Rep. Alexandria Ocasio-Cortez, D-N.Y., now says that she was just joking around when claiming that the world would end in 12 years if we don’t immediately implement an entire social-economy-energy-agriculture do-over to end climate change.

She had referred to this imperative as her generation’s equivalent of “World War II.”

Rep. Ocasio-Cortez later recently mocked Republicans for not recognizing her combination of “dry humor and sarcasm.” She added, “Like the ‘world ending in 12 years’ thing, you’d have to have the social intelligence of a sea sponge to think it’s literal.”

Sea sponge intellectualism appears to be particularly pervasive among Democrats.

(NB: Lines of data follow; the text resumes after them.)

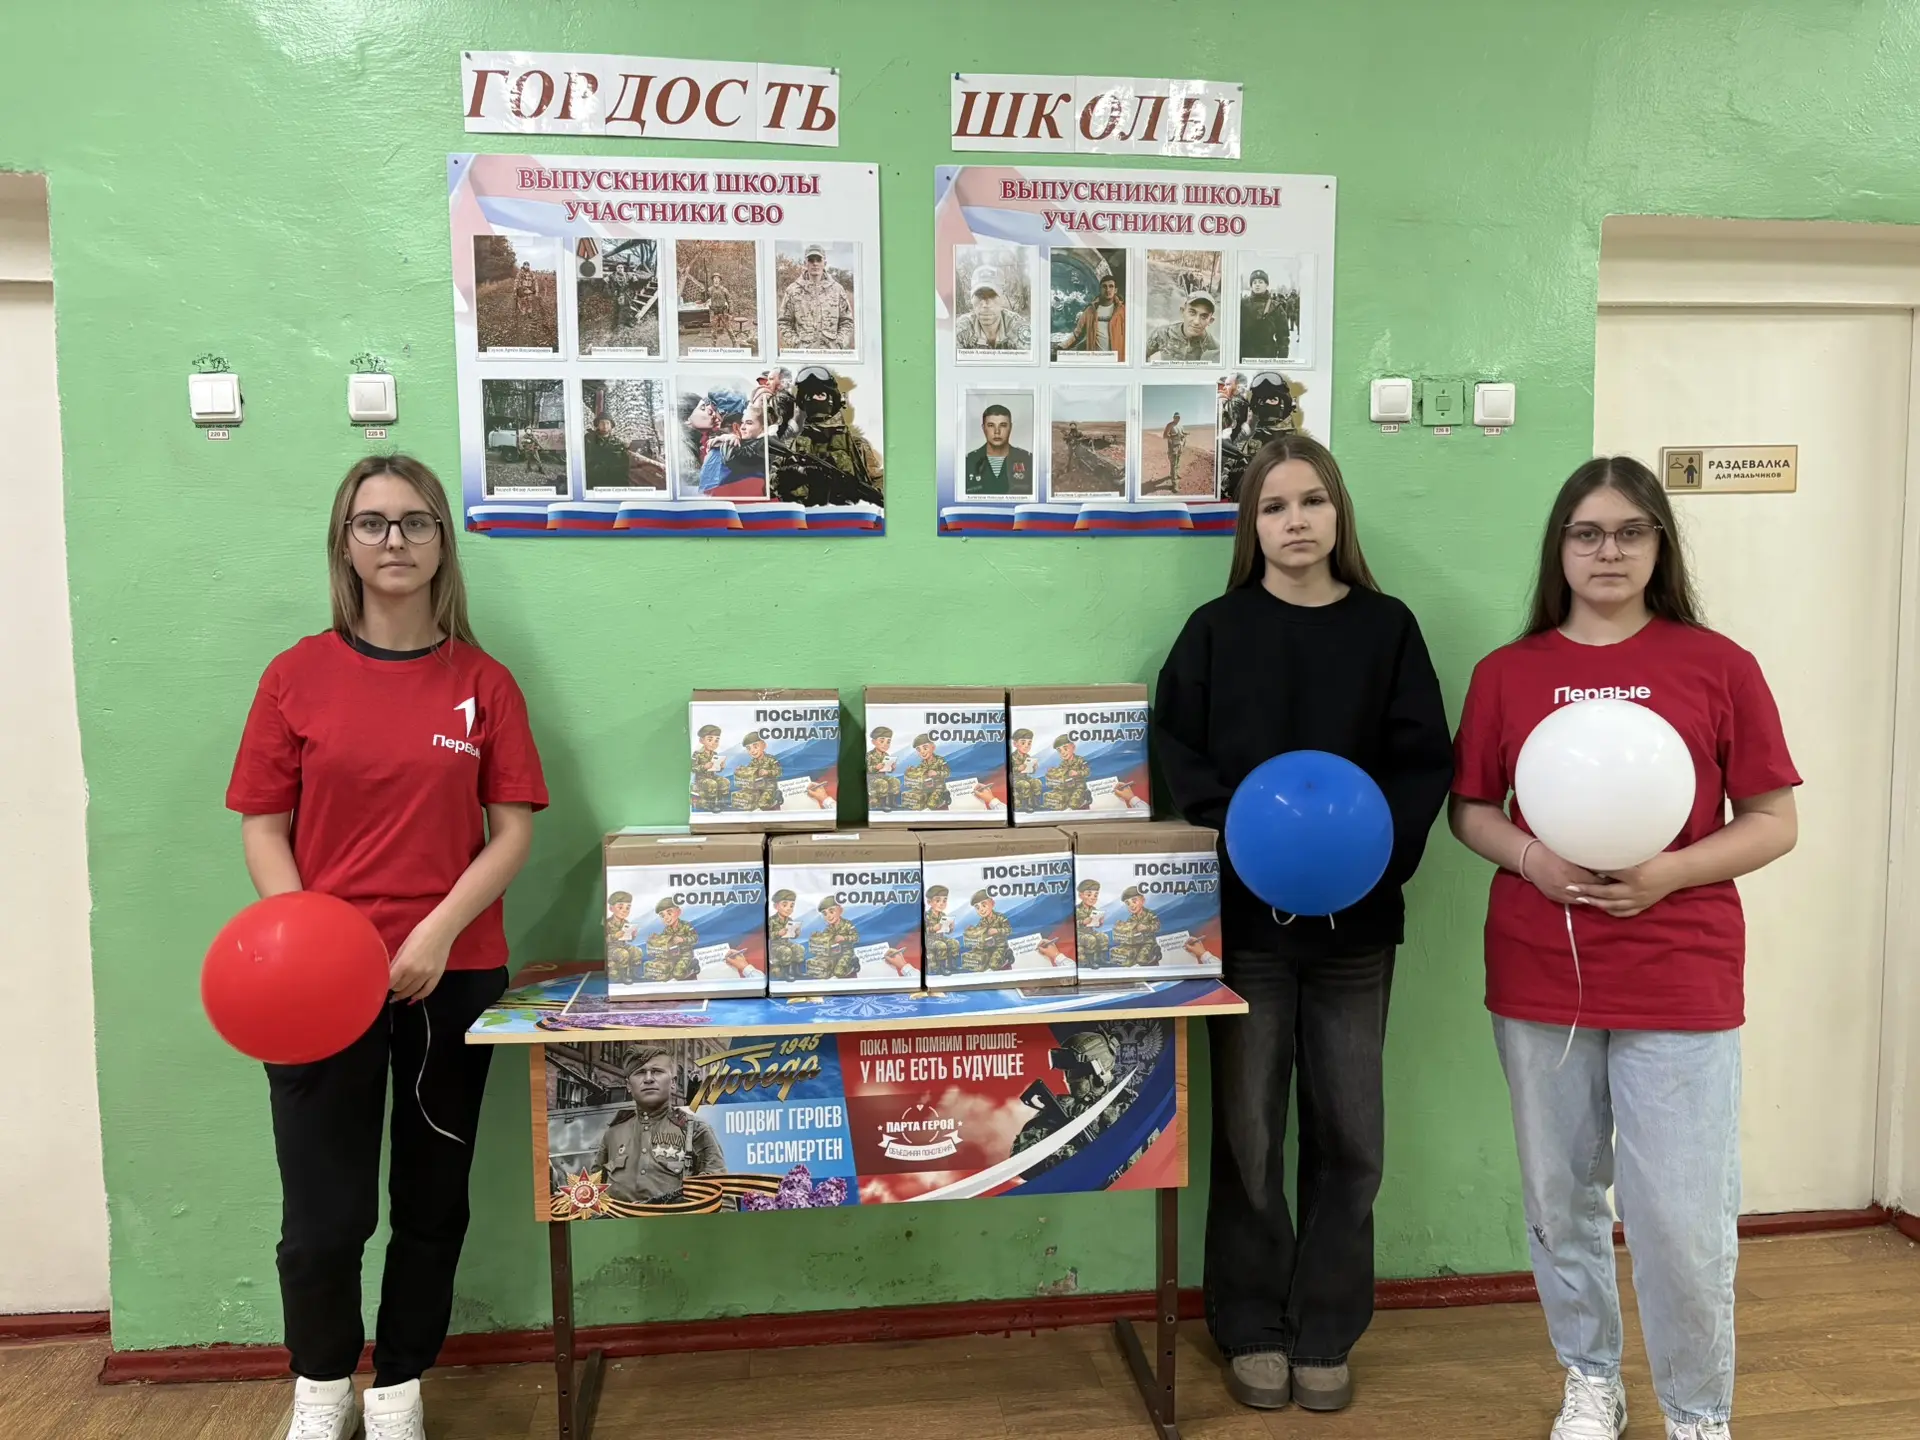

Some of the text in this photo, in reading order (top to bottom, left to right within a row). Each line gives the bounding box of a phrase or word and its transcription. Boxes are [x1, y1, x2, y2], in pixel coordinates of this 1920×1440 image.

[464, 69, 836, 135] ГОРДОСТЬ
[952, 91, 1235, 145] ШКОЛЫ
[518, 169, 820, 195] ВЫПУСКНИКИ ШКОЛЫ
[1001, 180, 1281, 206] ВЫПУСКНИКИ ШКОЛЫ
[563, 200, 784, 224] УЧАСТНИКИ СВО
[1043, 211, 1246, 235] УЧАСТНИКИ СВО
[1708, 459, 1790, 471] РАЗДЕВАЛКА
[756, 709, 840, 722] ПОСЫЛКА
[1065, 711, 1148, 724] ПОСЫЛКА
[760, 727, 839, 741] СОЛДАТУ
[929, 729, 1006, 743] СОЛДАТУ
[1068, 728, 1145, 742] СОЛДАТУ
[983, 862, 1072, 880] ПОСЫЛКА
[1135, 861, 1220, 876] ПОСЫЛКА
[669, 871, 763, 887] ПОСЫЛКА
[832, 872, 921, 886] ПОСЫЛКА
[1138, 880, 1218, 895] СОЛДАТУ
[987, 880, 1069, 897] СОЛДАТУ
[673, 890, 760, 906] СОЛДАТУ
[836, 890, 919, 905] СОЛДАТУ
[778, 1033, 824, 1055] 1945
[860, 1038, 888, 1056] ПОКА
[892, 1037, 912, 1055] МЫ
[915, 1034, 963, 1054] ПОМНИМ
[860, 1053, 1024, 1084] У НАС ЕСТЬ БУДУЩЕЕ
[689, 1042, 822, 1113] Победа
[725, 1105, 842, 1135] ПОДВИГ ГЕРОЕВ
[886, 1118, 954, 1133] ПАРТА ГЕРОЯ
[747, 1138, 842, 1165] БЕССМЕРТЕН

A May 20-21 Rasmussen poll showed that 67% of Democrats believe that the U.S. has only 12 years to fight global warming in order to avoid disastrous and irreparable damage to the country and world.

An earlier January Pew survey revealed that the same 67% of Democrats and Democratically-leaning independents rated dealing with climate change as a top priority, compared with 21% of Republicans. Various polls, including Gallup surveys, show an ever-widening partisan sea sponge intellect gap over the past two decades.

Many impressionable and sensitive sea sponges continue to suffer understandable emotional trauma originating with 2006 release of Al Gore’s sensational “An Inconvenient Truth” science fiction horror film.

Just two years later, a Feb. 16, 2008 New York Times article reported a rapidly-emerging market for “eco-therapists,” specializing in treating “eco-anxiety.”

The New York Times noted that more than 120 of these specialists had become listed in a new field of “eco-psychology” to help people who are excessively worried that their own carbon emissions are causing global warming.

An emergent International Community for Ecopsychology soon defined this mental malady as “a synergetic relationship between planetary and personal well-being”, stating that “the needs of one are relevant to the other.”

Some schools, including Lewis & Clark College in Portland, Oregon, quickly responded to these exciting new enterprise opportunities by offering accredited patient eco-anxiety counseling courses.

As Sarah Edwards who launched a blog, “Eco-Anxiety,” explained to Fox News in April of 2008, this contagious cranial condition became manifested in her personal feelings of fear, grief, anger, confusion, depression, fatigue, shoulder pain, and fibromyalgia.

There should be nothing either unexpected nor humorous about the fact that many very caring people are truly troubled with alarm and guilt about endlessly hyped hypothetical and empirically discredited computer model-based projections of impending human-caused climate calamity.

A particularly tragic case involved an Argentine family in March of 2010.

Francisco Lotero and Miriam Coletti shot two of their children before killing themselves after making an apparent suicide pact over fears of global warming.

Although their two-year-old son, Francisco, died instantly, their unnamed 7-month-old infant daughter remarkably survived.

Global warming, aka, climate change, has long-served as an effective manipulation tactic to advance a variety of forerunners to hysterical present-day “Green New Deal” histrionics.

In 2006, the Institute for Public Policy Research (IPPR), a think tank that actually supports CO2 cuts, provided an analysis of circumstances surrounding global warming debates that were occurring then in the UK.

IPPR concluded, “Climate change is most commonly constructed through the alarmist repertoire as awesome, terrible, immense, and beyond human control…It is typified by an inflated or extreme lexicon, incorporating an urgent tone and cinematic codes. It employs [a] quasi-religious register of death and doom, and it uses language of acceleration and irreversibility.”

The IPPR observed that such “alarmism might even become secretly thrilling” — effectively a form they referred to as “climate porn.”

Then-Director Mike Hume of UK’s Tyndall Center for Climate Change Research, also took issue with such words as “catastrophic,” and such claims as that “we are approaching the point of no return.”

Recognizing that such use of such language serves primarily to advance climate science funding, he concluded, “We need to take a deep breath and pause. The language of catastrophe is not the language of science . . . Framing climate change as an issue which evokes fear and personal stress becomes a self-fulfilling prophecy. By ‘sexing it up’ we exacerbate, through psychological amplifiers, the very risks we are trying to ward off.”

Melissa Pickett, an eco-therapist in Santa Fe, New Mexico warned her patients that global warming craze can fuel fear-induced self-destructive behaviors. She advised that you sometimes have to tell extreme greenies to chill out for their own good.

John Berlau, author of “Eco-Freaks: Environmentalism Is Dangerous to Your Health,” urges eco-anxious people need to get a real life, and also to get real facts before freaking out. He suggests that it’s sometimes helpful to relax by taking a good old-fashioned hike in the woods.

Berlau doesn’t peddle pedantic politically-purist punditry that you need to eco-cycle your family and dog (yes, or cat either), out into nature. Instead, “just go camping, and turn your SUV into the outdoors vehicle it was intended to be.